Денис Григорюк родился в Донецке, здесь же закончил школу, а в 2009 году поступил в Горловский институт иностранных языков. Но связывать свою дальнейшую судьбу с полученной профессией он не стал. В 2014 году для Дениса, как и для всего народа Донбасса, наступило тяжелое время. Однако именно это позволило ему найти себя в журналистике. Вооруженный правдой, он борется с преступлениями киевского режима. Для Украины он враг государства, а для России – человек, показывающий жизнь на Донбассе такой, какая она есть на самом деле.
— Денис, расскажите, как вы начали свой путь в качестве фотографа?

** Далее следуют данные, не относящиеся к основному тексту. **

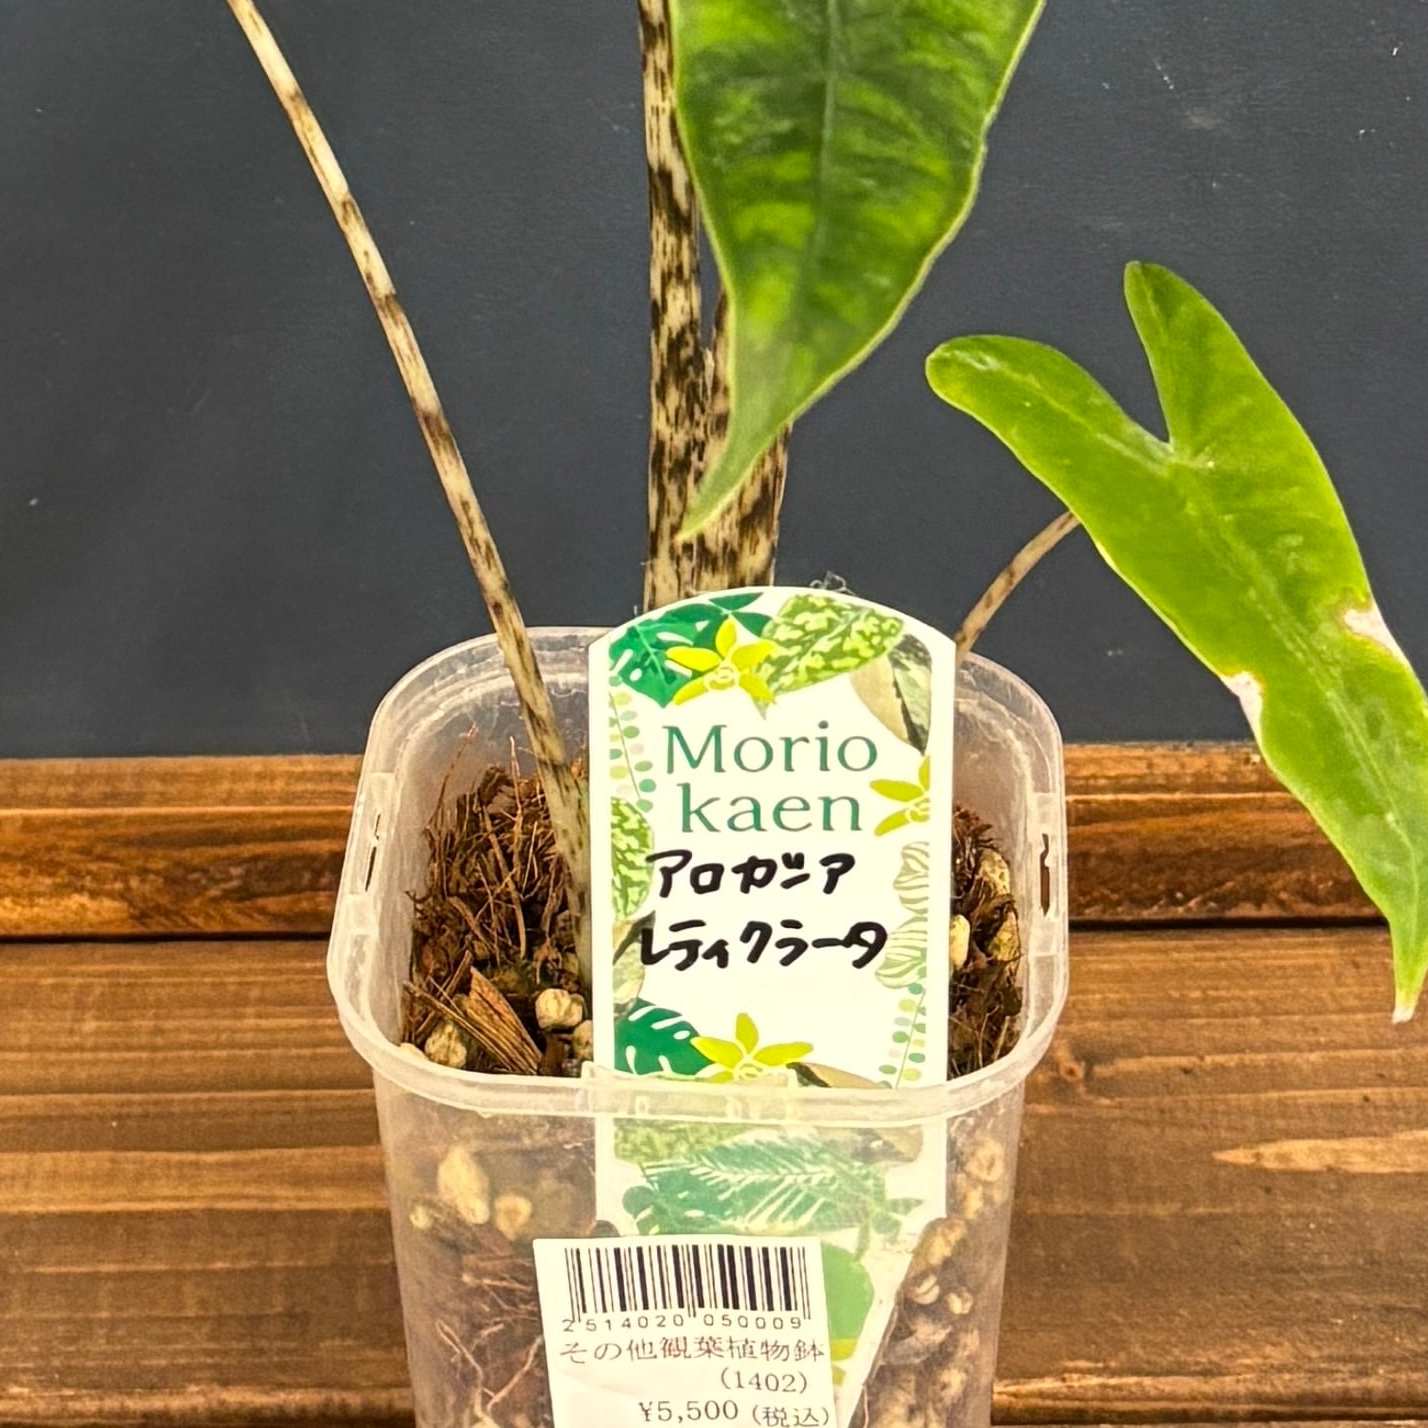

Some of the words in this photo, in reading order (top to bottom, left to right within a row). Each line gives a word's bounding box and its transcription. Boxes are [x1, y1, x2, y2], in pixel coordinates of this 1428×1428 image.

[662, 721, 878, 774] Morio
[677, 783, 862, 832] kaen
[640, 920, 888, 971] レティクラータ
[560, 1336, 825, 1364] その他観葉植物鉢
[720, 1367, 808, 1395] (1402)
[639, 1400, 739, 1424] ¥5,500

— В 2014 году я закончил университет и параллельно работал. Но начались боевые действия, и мой магазин закрылся. У меня всегда была тяга к написанию текстов, но не находилось поводов о чем-то рассказать. А тут развязался военный конфликт, было очень много мыслей, хотелось поделиться ими не просто с друзьями, а с массовым зрителем. Стал писать в свой блог, завел группу в соцсети «ВКонтакте», где рассказывал о том, что я вижу, что происходит, какие эмоции у меня бурлят в этот момент. Мои тексты заметили и предложили работу в издании «Правда ДНР».
Фотографией я не увлекался до 2015 года. Потом в редакции мне впервые дали в руки фотоаппарат и задание, что надо принести не просто текстовый материал, но и снимки. И с этого начался мой путь.
— Вас также называют военным корреспондентом. Как из фотографа вы переквалифицировались в эту профессию?
— Начну с того, что я себя им не считаю, меня так представляют, как, например, на выставке «Место съемки – Донбасс». Но для меня военный корреспондент – это, в первую очередь, военнослужащий с оружием в руках, но при этом выполняющий журналистскую деятельность. Я в свое время был военкором, когда служил в пресс-службе Народной милиции ДНР в 2017 году. Там я был военнослужащим, параллельно с этим сопровождал гражданских журналистов в зону боевых действий и делал свои репортажи. А сейчас я фотокорреспондент информационного агентства «Аналитическая служба Донбасса», гражданский человек, и поэтому не считаю себя военкором.
Если говорить об экстремальной журналистике, то всё началось с издания «Правда ДНР». В январе 2015 года меня впервые отправили в зону боевых действий в населенный пункт, который относится к Ясиноватскому району, близко к донецкому аэропорту. До последнего времени это была такая плотная линия фронта, потому что Авдеевку очень долго не могли взять. Когда меня туда отправили, возобновились боевые действия. Украина начала выполнять свой силовой план захвата неподконтрольных Киеву территорий, в первую очередь Донецка, потому что это областной центр, и им нужно было взять столицу Республики. Я туда попал, когда были танковые прорывы. Наши, ещё на тот момент, ополченцы отбивали большое количество вражеских атак. И мой первый военный репортаж касался ситуации, которая там происходила. Оттуда же я привез свои первые фотографии.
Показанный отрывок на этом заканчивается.